I am advocate of captive centers. The problems/negatives highligted for captives arise mainly due to
1. Failing to elect a good leadership. Most parent organisations keep searching for domain skills, team size handled,similar past backgrounds etc.I know when you keep leadership and management skills on top of domain skills, when you look for maturity and sincerity, a jeal to take challanges - you elect a leader.

2. Poor offshore-onsite management by leaders.

3. Failure to recognise that relationship management is as important in a Captive as it is in a Outsourced model.

For those who still feel captives are not good enough or they are looking to test the water or looking for a smal team size, a hybrid model of Managed Offshore model is a good choice, where you can leave all the worries except getting the services quality sucessfully to a providers.

There are providers like us who are capaable and willing to provide specialised service to establish a Captive and also provide a Managed Offshore setup. One can visit us at http://www.excelict.com

Sudhir

Graham, nice comparison of the 2 models! Here's my stance on it.

Based on how things have changed and are continuously changing in this arena more and more companies will require the best of both the models.

Captives have some definite advantages such as control, speed of change management and less inter-organizational SLA barriers to cross. However the downsides are the lack of entrepreneurial ownership, innovation and MUST-WIN attitude in the remote company.

In case of an outsourcing provider, with the company ownership residing fully or majorly with the person running the show remotely, you get the MUST-WIN attitude which can offset the impedance caused by cultural conflicts and localized issues - this is where the outsourcing model looks much better.

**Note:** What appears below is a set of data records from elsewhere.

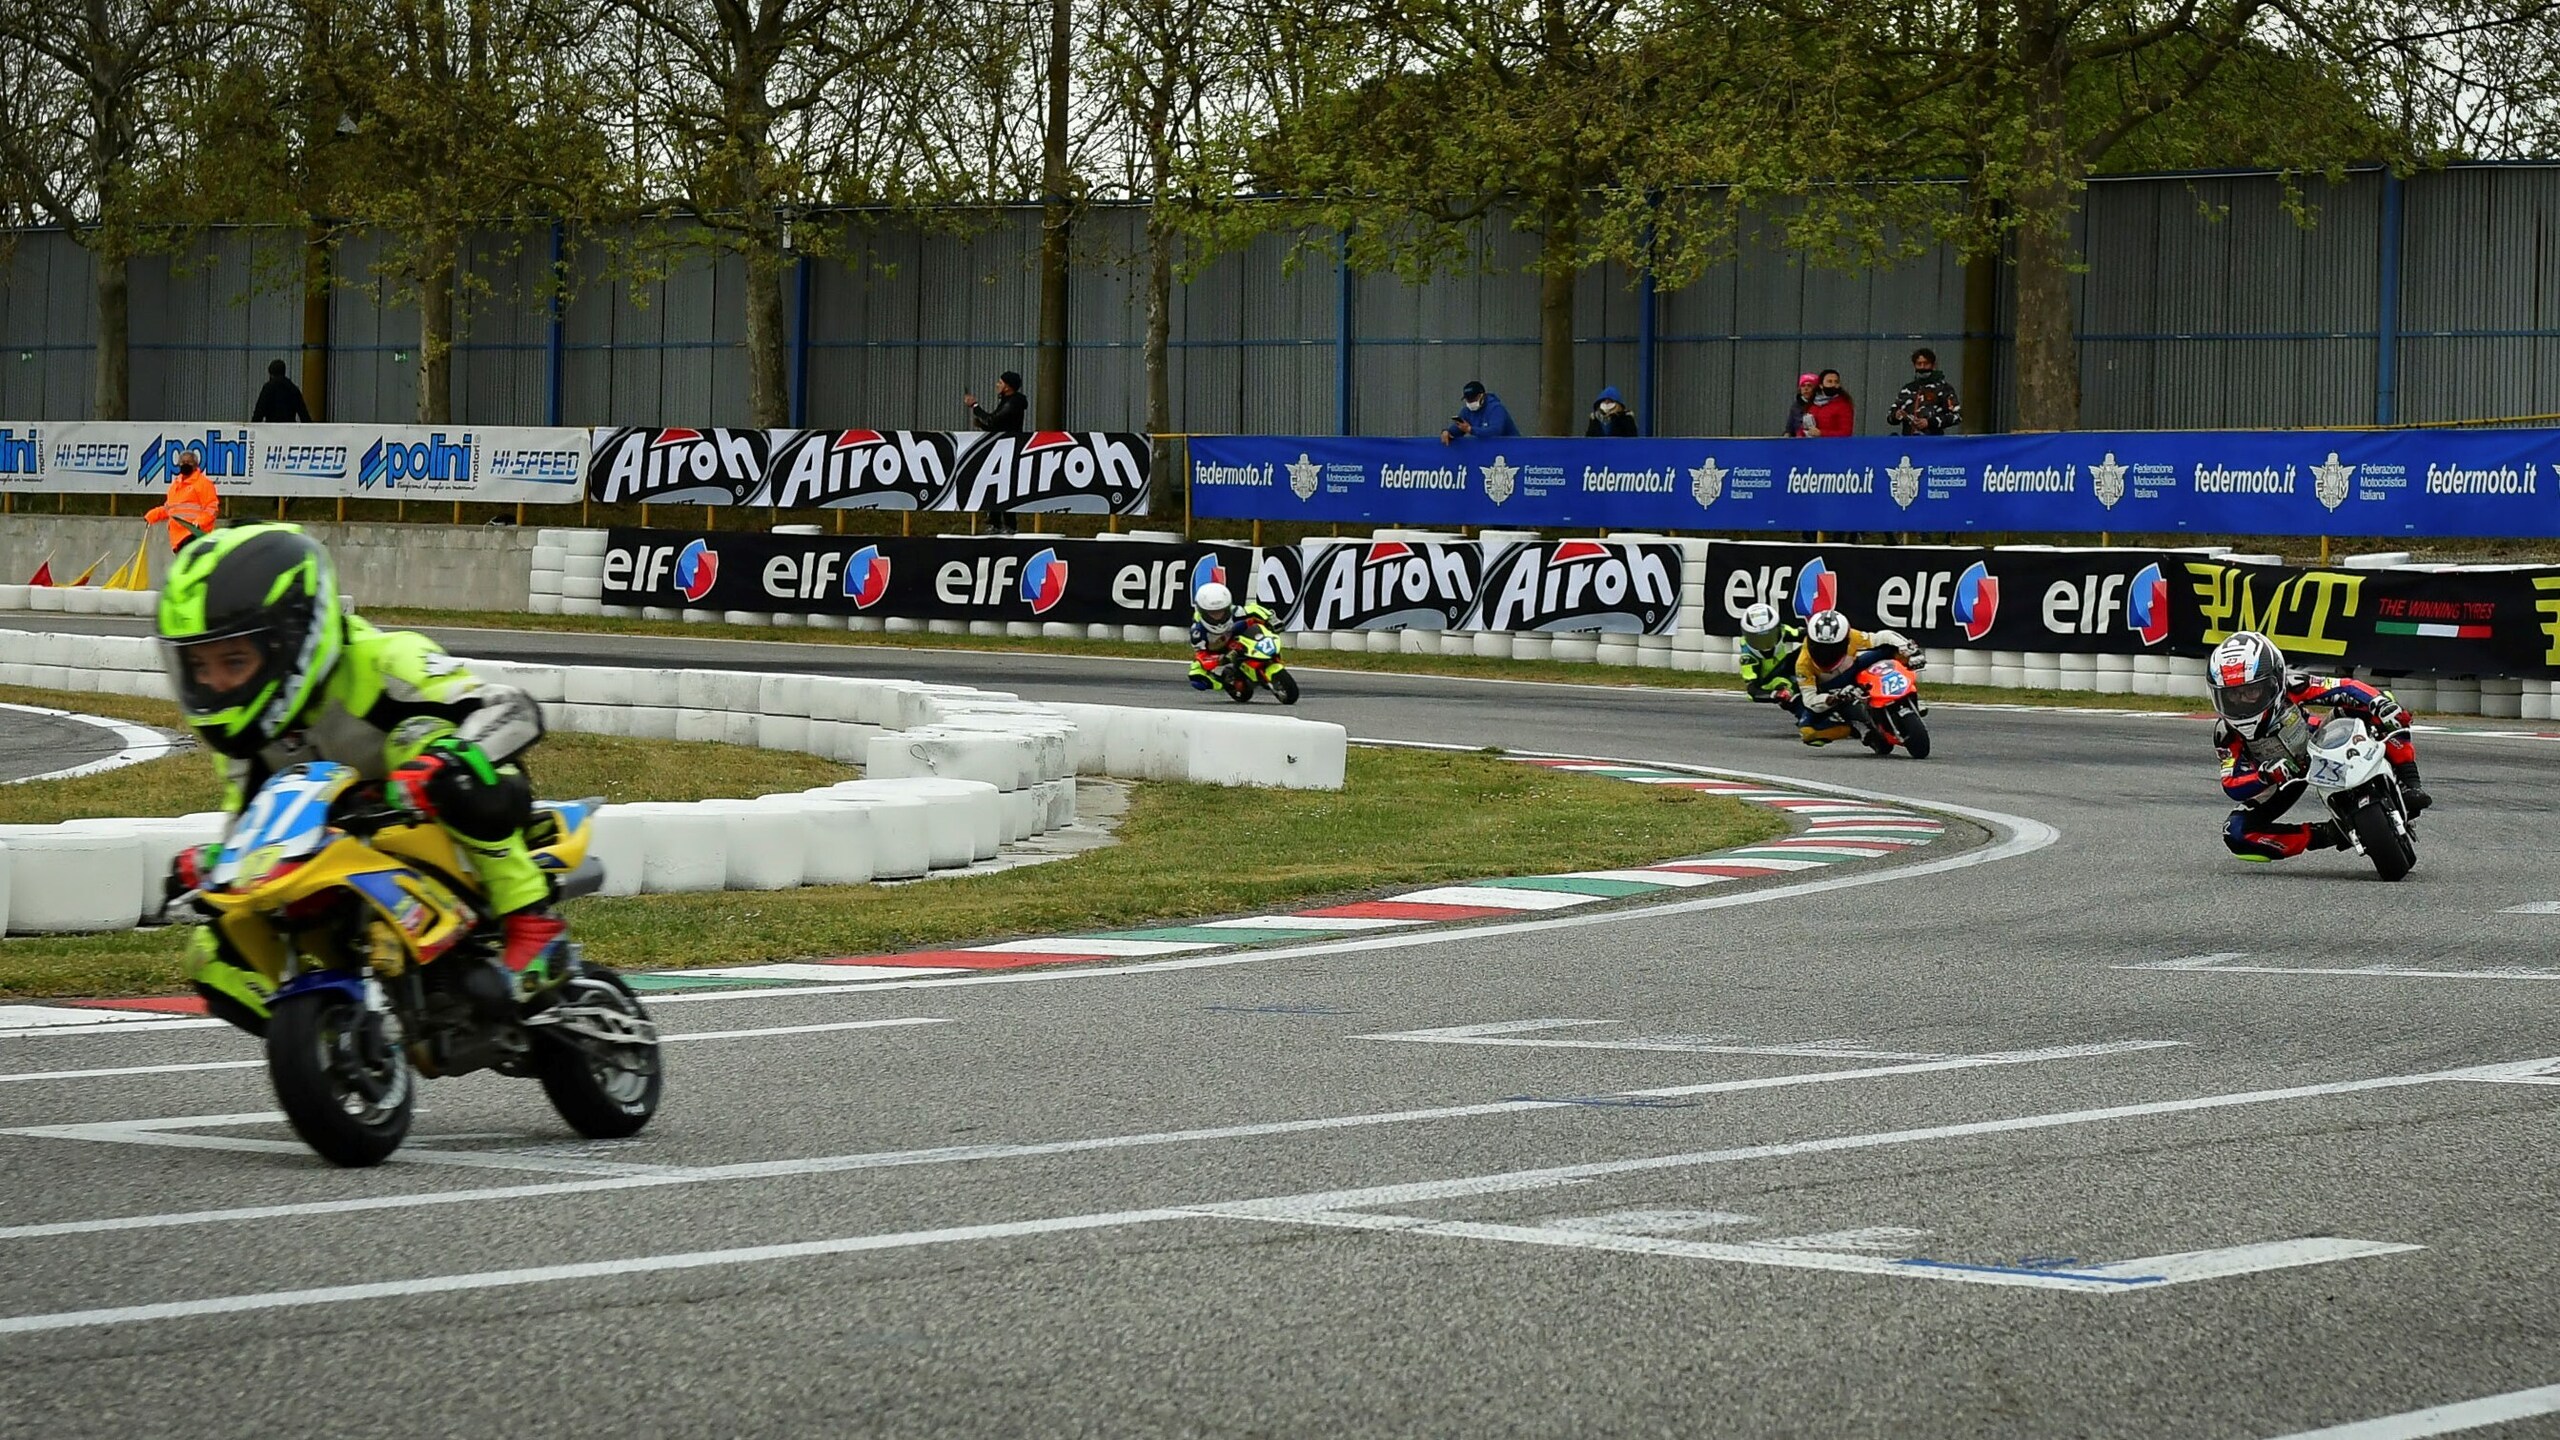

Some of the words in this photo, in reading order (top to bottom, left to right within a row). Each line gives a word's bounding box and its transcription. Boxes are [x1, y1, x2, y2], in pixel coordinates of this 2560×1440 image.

[0, 428, 37, 473] lini
[386, 433, 472, 488] polini
[472, 445, 480, 482] motori
[1195, 460, 1274, 486] federmoto.it
[1327, 463, 1363, 472] Federazione
[1524, 465, 1564, 475] Federazione
[1733, 466, 1771, 477] Federazione
[1928, 465, 1966, 476] Federazione
[2133, 463, 2174, 474] Federazione
[2361, 463, 2405, 475] Federazione
[1326, 474, 1365, 483] Motociclistica
[1380, 463, 1467, 490] federmoto.it
[1524, 475, 1566, 486] Motociclistica
[1583, 465, 1675, 493] federmoto.it
[1731, 478, 1772, 488] Motociclistica
[1787, 467, 1874, 494] federmoto.it
[1928, 477, 1967, 487] Motociclistica
[1982, 463, 2076, 493] federmoto.it
[2133, 475, 2176, 486] Motociclistica
[2194, 463, 2296, 494] federmoto.it
[2360, 476, 2407, 488] Motociclistica
[2425, 462, 2537, 494] federmoto.it
[1326, 485, 1348, 493] Italiana
[1524, 487, 1547, 497] Italiana
[1730, 489, 1753, 499] Italiana
[1927, 489, 1949, 499] Italiana
[2134, 488, 2158, 498] Italiana
[2360, 489, 2385, 500] Italiana
[603, 546, 674, 592] elf
[763, 552, 840, 599] elf
[935, 556, 1017, 605] elf
[1112, 560, 1186, 610] elf
[1724, 566, 1792, 619] elf
[1877, 571, 1951, 629] elf
[2043, 574, 2125, 633] elf
[2379, 598, 2406, 616] THE
[2408, 600, 2460, 619] WINNING
[2463, 602, 2495, 619] TYRES
[2313, 759, 2345, 783] 23
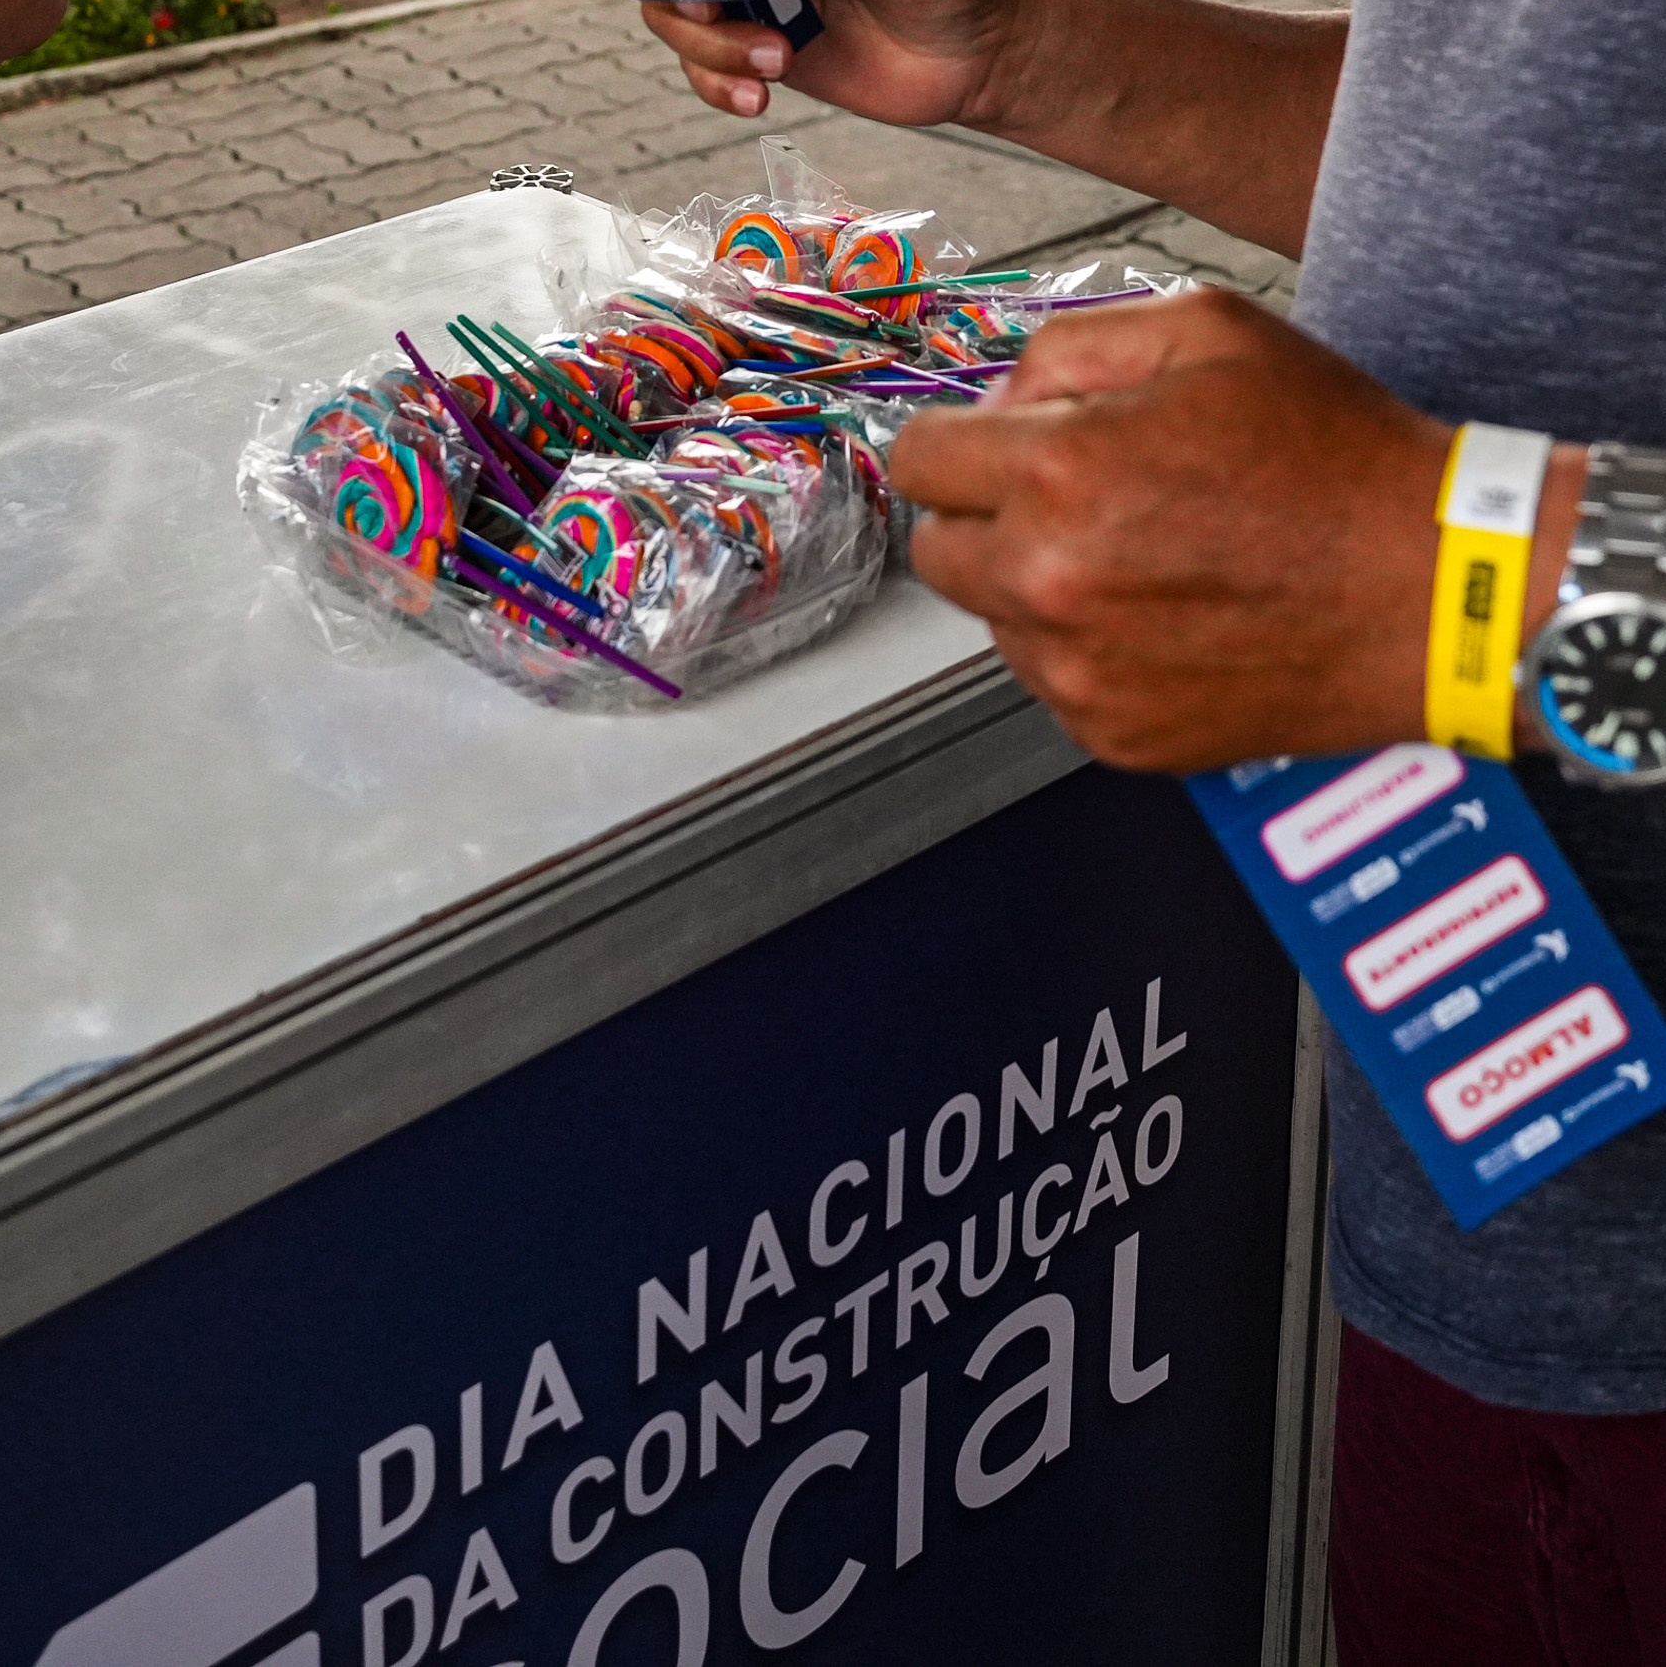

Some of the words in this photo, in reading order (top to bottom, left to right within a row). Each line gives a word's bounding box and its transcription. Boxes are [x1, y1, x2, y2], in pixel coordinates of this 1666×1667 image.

[358, 1339, 584, 1559] DIA
[637, 975, 1188, 1386] NACIONAL
[1456, 1013, 1594, 1110] ALMOÇO
[362, 1526, 520, 1667] DA
[550, 1094, 1183, 1565] CONSTRUÇÃO
[485, 1231, 1171, 1667] ocial
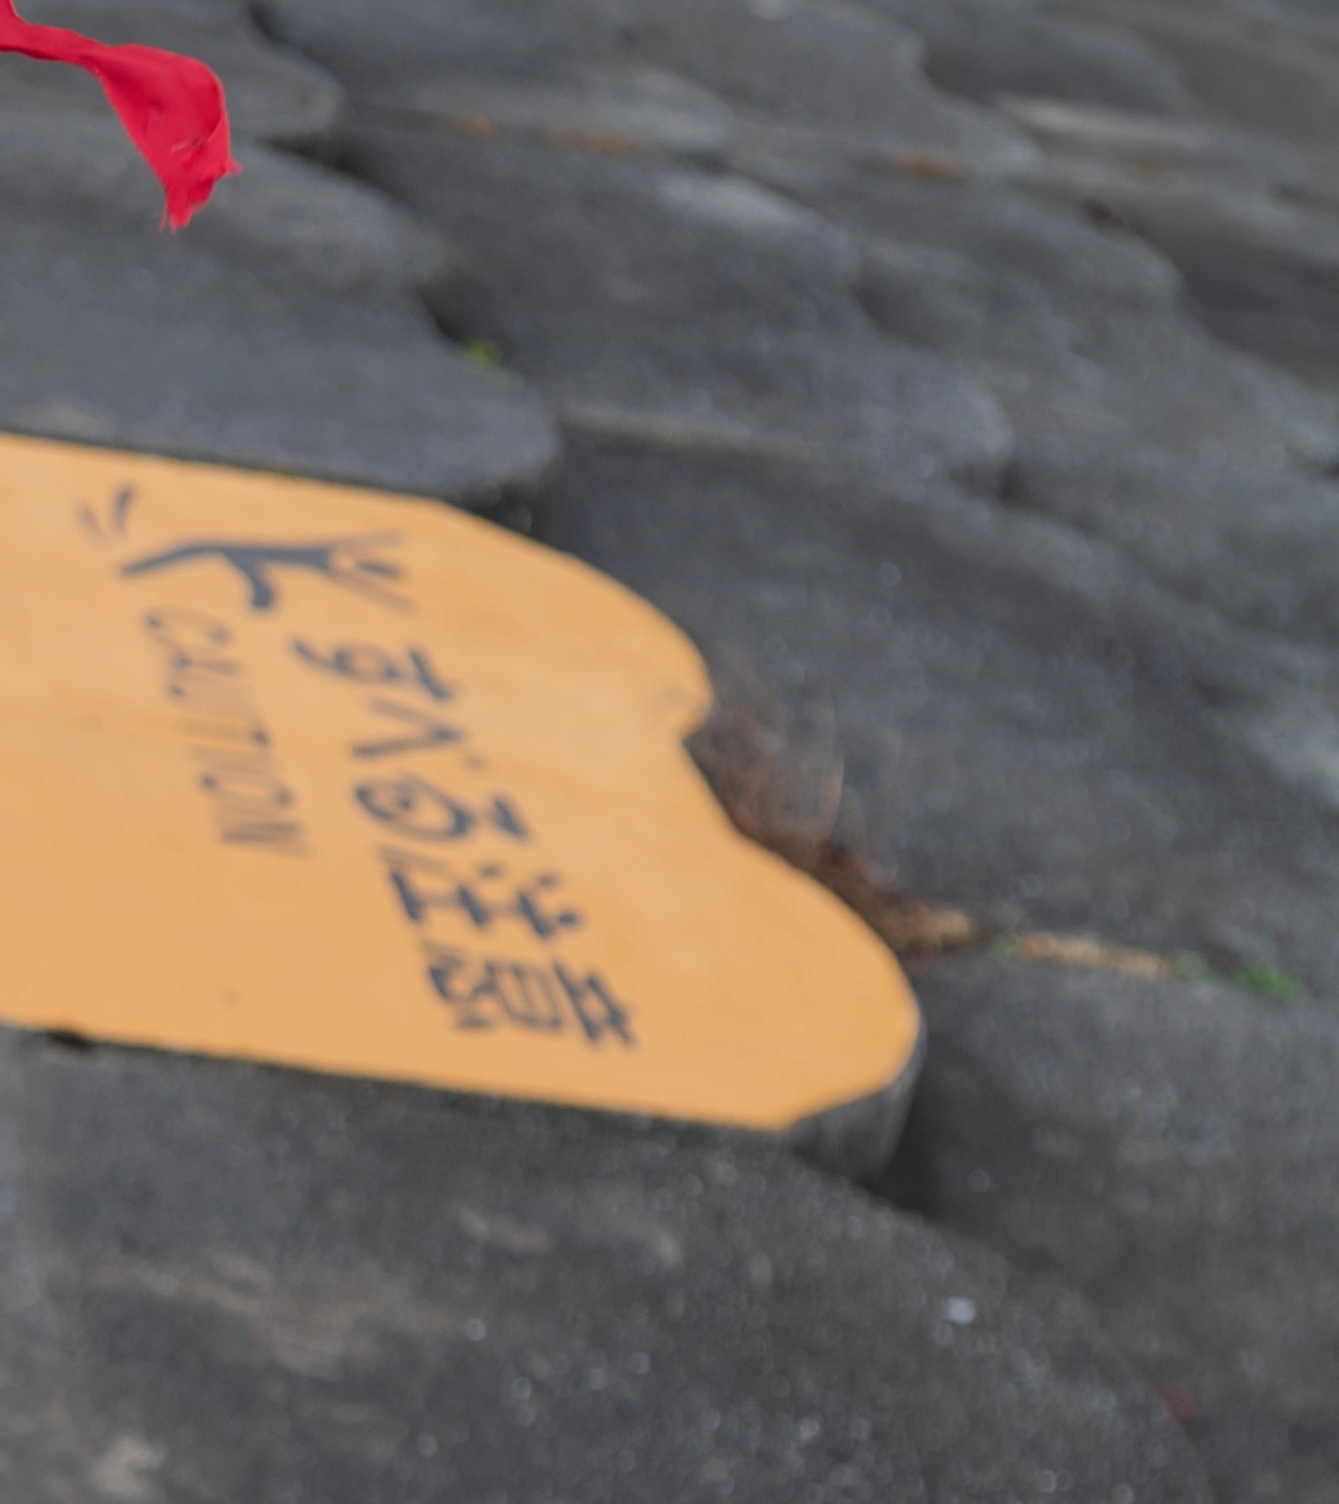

There are many advantages/disadvantages of each of the 2 models, but I’ll highlight just a few key ones for the sake of comparison:

Captive Advantages
1. Stronger Control
2. Faster change management since it has no impact on SLAs and commercials
3. One-sided agenda driving the operation

Captive Disadvantages
1. Less Motivation/Incentive for the person running the captive operation
2. Less Innovation due to lack of Entreprenuerial Attitude
3. Higher Attrition - Person heading the captive center at the end of the day is an employee (who can easily switch) as a result causing lower sense of ownership and higher attrition throughout the operation.

Outsourcing Provider Advantages
1. High Incentive to go out-of-the-way to make things Happen
2. High Innovation and Service Improvement (with atleast no direct/upfront cost to the customer)
3. Less Attrition

Outsourcing Provider Disadvantages
1. Less Control and more barriers to cross for change management (SLA revisions and commercial negotiations)
2. Two-sided (possibly conflicting) agendas driving the services and operations (Outsourcing provider may have an agenda in conflict with that of the customer e.g. more hours being put in on a task/process would mean more money earned by the outsourcing provider BUT less productivity and higher cost for the customer)


However, as I mentioned earlier, competition and other disruptive pressures will drive customers to ask for best from the both the worlds!

What’s the Solution? Agile Outsourcing!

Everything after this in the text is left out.